**Problem statement**
All of the data, except its images, should be set down exactly as it appears.

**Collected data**
• • • • • • •

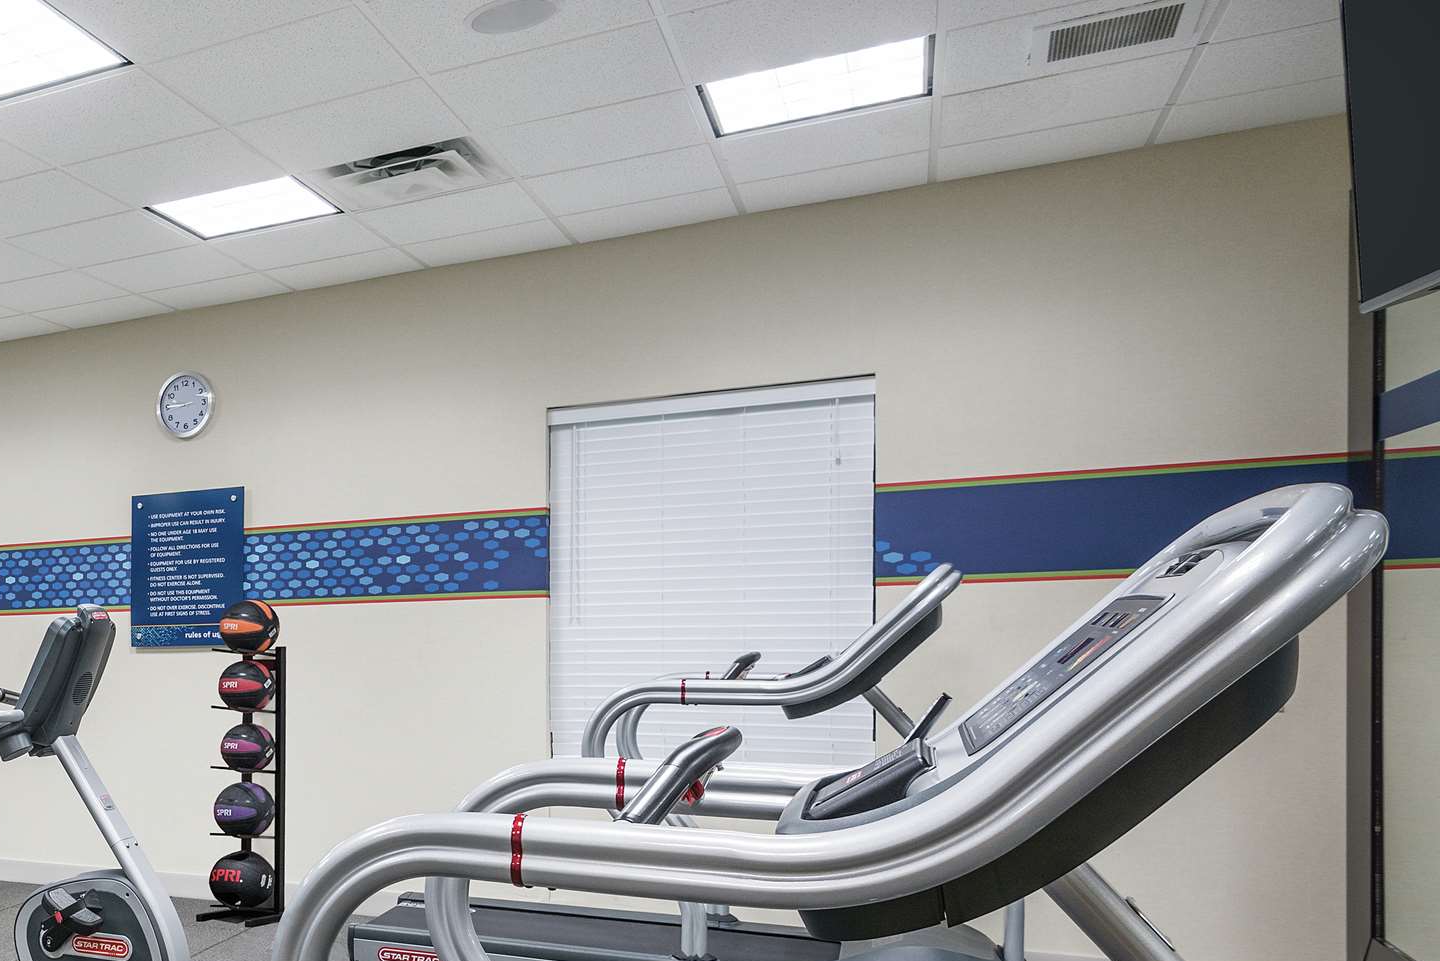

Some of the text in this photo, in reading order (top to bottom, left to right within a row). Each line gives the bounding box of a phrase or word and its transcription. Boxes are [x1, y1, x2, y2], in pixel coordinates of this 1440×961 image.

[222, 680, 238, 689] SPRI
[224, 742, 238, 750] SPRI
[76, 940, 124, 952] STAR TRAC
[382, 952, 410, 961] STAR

• • • • • • •

**Your response**
Some of the text in this photo, in reading order (top to bottom, left to right within a row). Each line gives the bounding box of a phrase or word and its transcription. Boxes are [x1, y1, x2, y2], in pixel coordinates of this 1440×961 image.

[222, 680, 238, 689] SPRI
[224, 742, 238, 750] SPRI
[76, 940, 124, 952] STAR TRAC
[382, 952, 410, 961] STAR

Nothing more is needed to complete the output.